Claro que sí. Después de todo, nosotros cristianos no son puros espíritus. Necesitamos abrigo del sol del día y del frío de la noche cuando nos congregamos. Por eso, en el principio las varias comunidades de fe se congregaban en casas particulares para ofrecer la eucaristía. Y cuando los números de cristianos crecieron, las comunidades necesitaban estructuras más amplias para sus asambleas.

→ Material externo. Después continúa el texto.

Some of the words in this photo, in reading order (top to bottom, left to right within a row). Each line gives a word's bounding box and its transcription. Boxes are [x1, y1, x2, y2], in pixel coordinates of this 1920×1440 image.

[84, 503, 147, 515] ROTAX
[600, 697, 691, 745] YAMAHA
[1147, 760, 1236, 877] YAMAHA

Hay otra razón para las construcciones tan significativa como la protección de los elementos. Por su magnificencia y belleza las estructuras nos ayudan orar. En abril cuando visitaba la catedral de San Patricio en Nueva York, el papa Benedicto comentó acerca de los vitrales de la estructura. Dijo que desde afuera los vitrales parecen oscuros aún sombríos pero adentro se hacen vivos, reflejando la luz que los atraviesa. Del mismo modo desde afuera, la Iglesia parece difícil aceptar, restringiendo la libertad del individuo. Sólo desde el interior se puede conocer la Iglesia como inundada con la gracia y resplandeciente con gente buena. También, los diferentes aspectos del edificio nos recuerdan de Dios, sean los arcos que apuntan el cielo, las velas que emiten luz y calor, o las imágenes que muestran los personajes y los eventos de nuestra salvación.

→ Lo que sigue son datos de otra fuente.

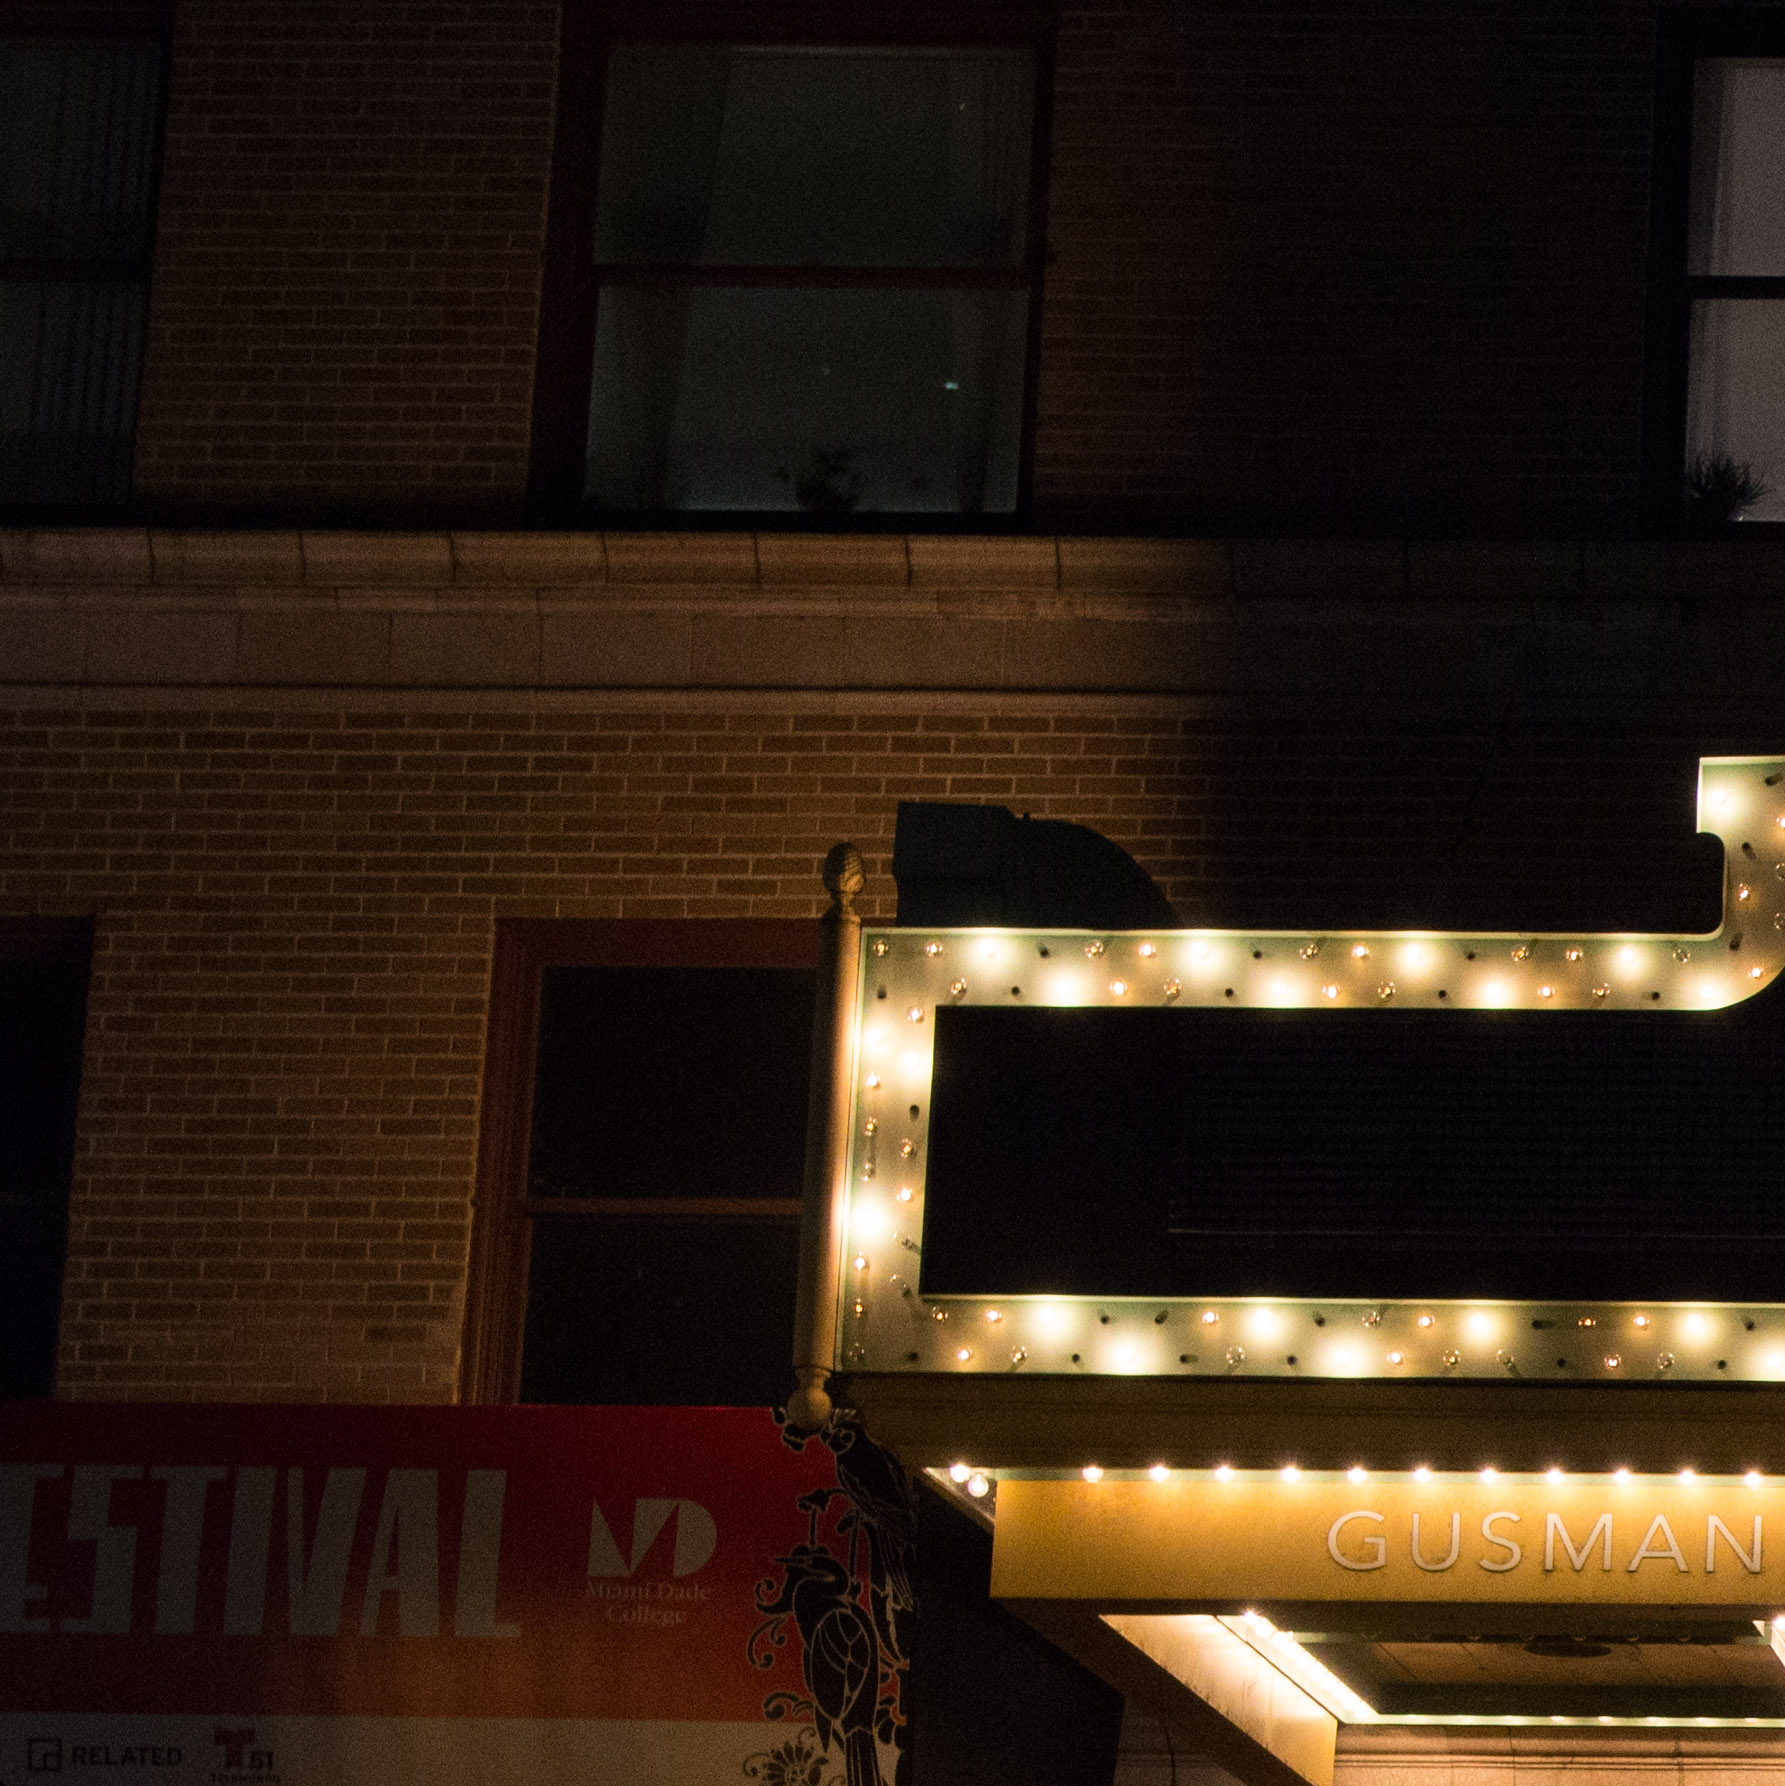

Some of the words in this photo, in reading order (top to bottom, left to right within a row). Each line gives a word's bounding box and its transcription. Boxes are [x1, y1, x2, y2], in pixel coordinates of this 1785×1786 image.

[1327, 1509, 1765, 1575] GUSMAN
[586, 1581, 652, 1602] Miami
[657, 1581, 713, 1602] Dade
[606, 1605, 688, 1627] College
[71, 1746, 183, 1766] RELATED

Raras veces durante el año la Iglesia celebra el aniversario de la dedicación de una iglesia. Por eso, podemos contar esta fiesta de la Dedicación de la Basílica Letrán como representativa de las dedicaciones de todas otras iglesias de Catolicismo. Ahora damos gracias a Dios especialmente por las construcciones que nos nutren en la fe, y también por los hombres y mujeres que han trabajado para construir estos testimonios de la fe. Aún más, le damos gracias por su hijo Jesucristo que nos hace posible ofrecer el único sacrificio agradable para que tengamos el destino del cielo.